Thus, on Figure 3 shows the main lobe of the ACF of the radio pulse and its envelope, i.e. when, as a result of a shift in the copy of the signal, when all 9 pulses of the burst are involved, i.e. N=9.

It can be seen that the ACF of the radio pulse has an oscillatory character, but there is always a maximum in the center. With a further shift, the number of intersecting pulses of the signal and its copy will decrease by one, and, consequently, the amplitude after each repetition period T ip = 89.286 μs.

Therefore, the final ACF will look like Figure 4 ( 16 petals, differing from the main one only in amplitudes) taking into account that , that in this figure T=T ip .:

Rice. 3. ACF of the main lobe of the radio pulse and its envelope

Rice. 4. ACF of a rectangular coherent burst of trapezoidal radio pulses

Rice. 5. Envelope of a packet of radio pulses.

Calculation of spectral density and energy spectrum

To calculate the spectral density, we will use, as in calculating the ACF, the functions of the radio signal envelope ( see Fig.2), which look like:

and the Fourier transform to obtain spectral functions, which, taking into account the limits of integration for the nth pulse, will be calculated according to the formulas:

for the radio pulse envelope and:

for a radio pulse, respectively.

The graph of this function is shown in ( Fig.5).

For clarity, the figure shows different frequency ranges

Rice. 6. Spectral density of the radio signal envelope.

As expected, the main maximum is located in the center, i.e. at frequency w =0.

The energy spectrum is equal to the square of the spectral density and therefore the spectrum graph looks like ( fig 6) those. very similar to a spectral density plot:

Rice. 7. Energy spectrum of the radio signal envelope.

The type of spectral density for a radio signal will be different, since instead of one maximum at w = 0, two maxima will be observed at w = ±wo, i.e. the spectrum of the video pulse (radio signal envelope) is transferred to the high-frequency region with a halving of the absolute value of the maxima ( see Fig.7).
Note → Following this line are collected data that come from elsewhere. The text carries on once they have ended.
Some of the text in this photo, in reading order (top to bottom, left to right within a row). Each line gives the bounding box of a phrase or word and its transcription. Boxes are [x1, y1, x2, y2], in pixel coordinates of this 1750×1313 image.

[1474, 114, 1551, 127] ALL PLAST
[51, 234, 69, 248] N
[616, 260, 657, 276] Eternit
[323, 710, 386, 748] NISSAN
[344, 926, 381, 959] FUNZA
The type of energy spectrum of the radio signal will also be very similar to the type of spectral density of the radio signal, i.e. the spectrum will also be transferred to the high frequency region and two maxima will also be observed ( see Fig. 8).

Rice. 8. Spectral density of a packet of radio pulses.
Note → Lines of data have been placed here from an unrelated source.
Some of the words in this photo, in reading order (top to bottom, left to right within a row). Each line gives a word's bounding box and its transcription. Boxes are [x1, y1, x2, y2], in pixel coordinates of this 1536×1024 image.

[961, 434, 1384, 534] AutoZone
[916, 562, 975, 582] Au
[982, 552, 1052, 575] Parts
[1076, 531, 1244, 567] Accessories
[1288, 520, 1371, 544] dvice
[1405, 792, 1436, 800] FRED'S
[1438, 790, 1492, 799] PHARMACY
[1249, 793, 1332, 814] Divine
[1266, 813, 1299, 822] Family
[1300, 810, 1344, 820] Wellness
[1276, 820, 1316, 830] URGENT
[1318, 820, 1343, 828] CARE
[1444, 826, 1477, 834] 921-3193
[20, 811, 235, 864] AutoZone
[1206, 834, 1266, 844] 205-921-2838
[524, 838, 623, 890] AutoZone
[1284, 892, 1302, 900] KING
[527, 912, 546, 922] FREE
Calculation of impulse response and recommendations for building a matched filter

As is known, along with a useful signal, noise is often present and therefore, with a weak useful signal, it is sometimes difficult to determine whether there is a useful signal or not.
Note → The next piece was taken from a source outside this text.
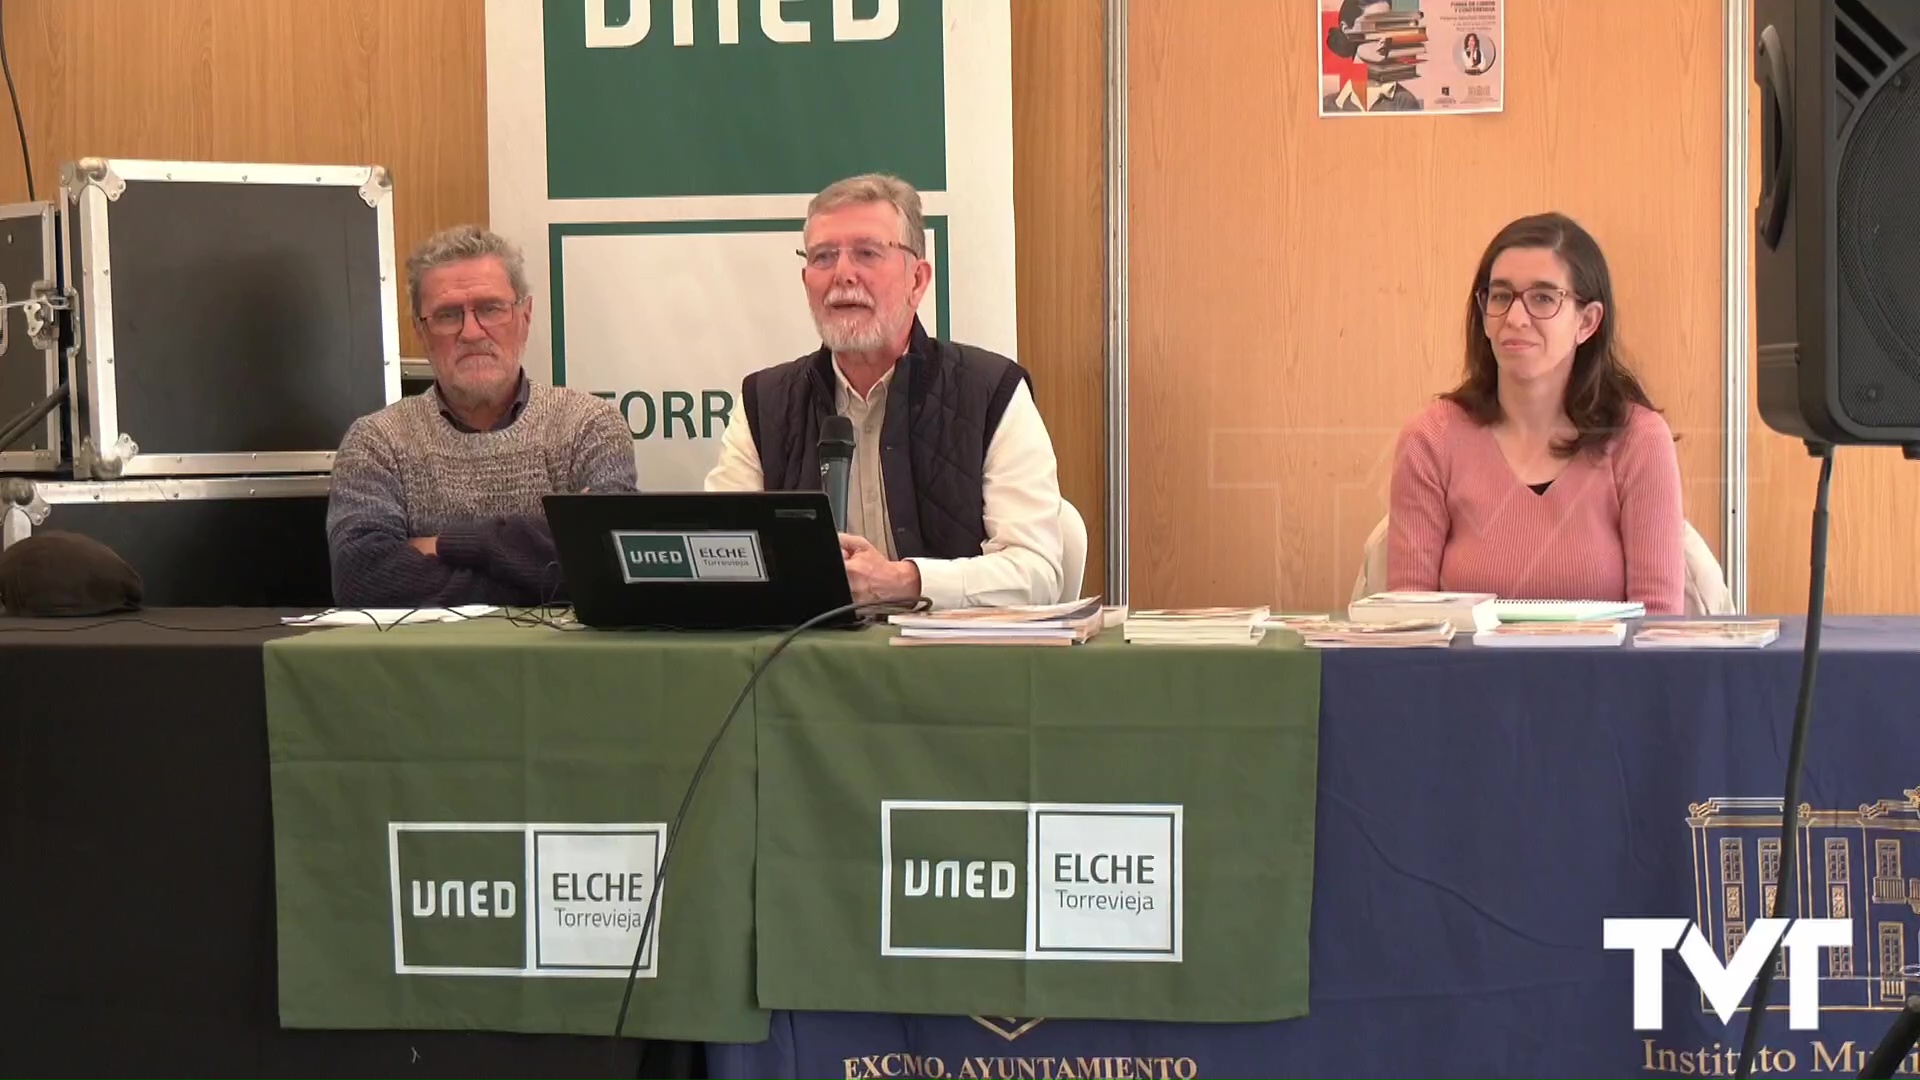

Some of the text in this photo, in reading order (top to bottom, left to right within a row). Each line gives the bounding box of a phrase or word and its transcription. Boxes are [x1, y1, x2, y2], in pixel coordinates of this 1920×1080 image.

To receive a time-shifted signal against the background of white Gaussian noise (white Gaussian noise “BGS” has a uniform distribution density) n (t) i.e. y(t)= + n (t), the likelihood ratio when receiving a signal of a known shape has the form:

Where No- spectral noise density.

Therefore, we come to the conclusion that optimal processing of received data is the essence of the correlation integral

The resulting function represents the essential operation that should be performed on the observed signal in order to optimally (from the standpoint of the minimum average risk criterion) make a decision about the presence or absence of a useful signal.

There is no doubt that this operation can be implemented by a linear filter.

Indeed, the signal at the output of a filter with an impulse response g(t) has the form:

As can be seen, when the condition is met g(r-x) = K ×S(r- t) these expressions are equivalent and then after replacement t = r-x we get:

Where TO- constant, and to- fixed time at which the output signal is observed.

A filter with such an impulse response g(t)( see above) is called consistent.

In order to determine the impulse response, a signal is needed S(t) shift to to to the left, i.e. we get the function S (to + t), and the function S (to - t) obtained by mirroring the signal relative to the coordinate axis, i.e. impulse response of the matched filter will be equal to the input signal, and at the same time we obtain the maximum signal-to-noise ratio at the output of the matched filter.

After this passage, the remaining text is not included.